Dablanc Axel, Hennechart Solweig, Perez Amélie, Cabanac Guillaume, Guitton Yann, Paulhe Nils, Lyan Bernard, Jamin Emilien L, Giacomoni Franck, Marti Guillaume
Laboratoire de Recherche en Sciences Végétales, Metatoul-AgromiX Platform, Université de Toulouse, CNRS, INP, 24 Chemin de Borde Rouge, Auzeville, Auzeville-Tolosane 31320, France.
MetaboHUB-MetaToul, National Infrastructure of Metabolomics and Fluxomics, Toulouse 31000, France.
Anal Chem. 2024 Jul 19;96(30):12489-96. doi: 10.1021/acs.analchem.4c02219.
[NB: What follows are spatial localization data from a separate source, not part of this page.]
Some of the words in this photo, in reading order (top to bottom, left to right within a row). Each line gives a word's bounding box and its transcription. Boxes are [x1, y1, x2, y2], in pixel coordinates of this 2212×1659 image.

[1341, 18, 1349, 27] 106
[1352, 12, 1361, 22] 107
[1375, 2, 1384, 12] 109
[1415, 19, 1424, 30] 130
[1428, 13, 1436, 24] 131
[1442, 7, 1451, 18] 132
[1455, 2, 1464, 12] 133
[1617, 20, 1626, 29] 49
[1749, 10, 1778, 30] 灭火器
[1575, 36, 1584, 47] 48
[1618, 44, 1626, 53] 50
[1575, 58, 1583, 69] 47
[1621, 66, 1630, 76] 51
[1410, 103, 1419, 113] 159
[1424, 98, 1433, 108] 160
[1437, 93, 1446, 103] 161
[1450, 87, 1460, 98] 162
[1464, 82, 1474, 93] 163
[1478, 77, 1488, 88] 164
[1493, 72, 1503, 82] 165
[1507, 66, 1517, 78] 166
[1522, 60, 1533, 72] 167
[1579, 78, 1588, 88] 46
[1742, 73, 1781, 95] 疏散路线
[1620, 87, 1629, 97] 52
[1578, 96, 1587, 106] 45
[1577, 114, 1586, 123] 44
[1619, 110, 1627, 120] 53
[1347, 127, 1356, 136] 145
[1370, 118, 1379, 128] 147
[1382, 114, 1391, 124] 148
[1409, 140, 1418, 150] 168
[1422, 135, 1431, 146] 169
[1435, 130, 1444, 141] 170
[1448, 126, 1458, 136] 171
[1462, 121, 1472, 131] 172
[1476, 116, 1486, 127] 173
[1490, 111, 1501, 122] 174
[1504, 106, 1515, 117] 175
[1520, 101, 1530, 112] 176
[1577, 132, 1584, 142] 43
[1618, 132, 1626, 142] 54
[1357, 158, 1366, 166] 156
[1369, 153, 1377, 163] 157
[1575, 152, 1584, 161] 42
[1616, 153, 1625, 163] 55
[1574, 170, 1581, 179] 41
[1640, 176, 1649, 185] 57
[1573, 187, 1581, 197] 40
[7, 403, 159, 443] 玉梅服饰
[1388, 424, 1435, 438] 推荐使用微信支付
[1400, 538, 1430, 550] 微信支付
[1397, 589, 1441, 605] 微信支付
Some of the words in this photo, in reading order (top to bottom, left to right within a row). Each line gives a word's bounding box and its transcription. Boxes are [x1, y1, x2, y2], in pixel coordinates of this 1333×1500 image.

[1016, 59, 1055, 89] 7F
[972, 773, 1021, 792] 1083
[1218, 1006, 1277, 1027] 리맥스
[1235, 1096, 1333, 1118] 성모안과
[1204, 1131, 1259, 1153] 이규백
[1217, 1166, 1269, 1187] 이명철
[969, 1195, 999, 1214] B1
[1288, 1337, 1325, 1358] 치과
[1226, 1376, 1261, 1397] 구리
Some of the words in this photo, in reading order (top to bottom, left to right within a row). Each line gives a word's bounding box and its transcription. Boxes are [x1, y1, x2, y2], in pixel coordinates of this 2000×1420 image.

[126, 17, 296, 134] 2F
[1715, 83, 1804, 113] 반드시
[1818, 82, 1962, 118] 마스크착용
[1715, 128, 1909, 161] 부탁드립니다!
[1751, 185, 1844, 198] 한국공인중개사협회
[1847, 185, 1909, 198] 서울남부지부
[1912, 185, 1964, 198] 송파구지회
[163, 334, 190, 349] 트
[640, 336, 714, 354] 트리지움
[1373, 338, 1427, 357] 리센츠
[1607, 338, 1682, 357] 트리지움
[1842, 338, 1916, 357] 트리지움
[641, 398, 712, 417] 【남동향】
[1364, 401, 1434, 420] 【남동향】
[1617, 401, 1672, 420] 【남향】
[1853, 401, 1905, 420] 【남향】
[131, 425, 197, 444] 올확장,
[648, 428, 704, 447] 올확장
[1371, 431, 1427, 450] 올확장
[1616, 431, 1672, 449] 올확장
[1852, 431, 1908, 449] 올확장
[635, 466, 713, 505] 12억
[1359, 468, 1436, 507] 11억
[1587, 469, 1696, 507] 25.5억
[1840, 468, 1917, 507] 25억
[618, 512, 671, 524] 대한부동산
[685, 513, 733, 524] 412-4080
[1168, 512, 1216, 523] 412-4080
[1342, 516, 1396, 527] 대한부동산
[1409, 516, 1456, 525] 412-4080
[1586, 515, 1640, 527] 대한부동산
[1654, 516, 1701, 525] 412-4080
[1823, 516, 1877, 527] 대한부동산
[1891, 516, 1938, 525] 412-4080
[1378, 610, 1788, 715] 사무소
Open mass spectral libraries (OMSLs) are critical for metabolite annotation and machine learning, especially given the rising volume of untargeted metabolomic studies and the development of annotation pipelines. Despite their importance, the practical application of OMSLs is hampered by the lack of standardized file formats, metadata fields, and supporting ontology. Current libraries, often restricted to specific topics or matrices, such as natural products, lipids, or the human metabolome, may limit the discovery potential of untargeted studies. The goal of FragHub is to provide users with the capability to integrate various OMSLs into a single unified format, thereby enhancing the annotation accuracy and reliability. FragHub addresses these challenges by integrating multiple OMSLs into a single comprehensive database, supporting various data formats, and harmonizing metadata. It also proposes some generic filters for the mass spectrum using a graphical user interface. Additionally, a workflow to generate in-house libraries compatible with FragHub is proposed. FragHub dynamically segregates libraries based on ionization modes and chromatography techniques, thereby enhancing data utility in metabolomic research. The FragHub Python code is publicly available under a MIT license, at the following repository: https://github.com/eMetaboHUB/FragHub. Generated data can be accessed at 10.5281/zenodo.11057687.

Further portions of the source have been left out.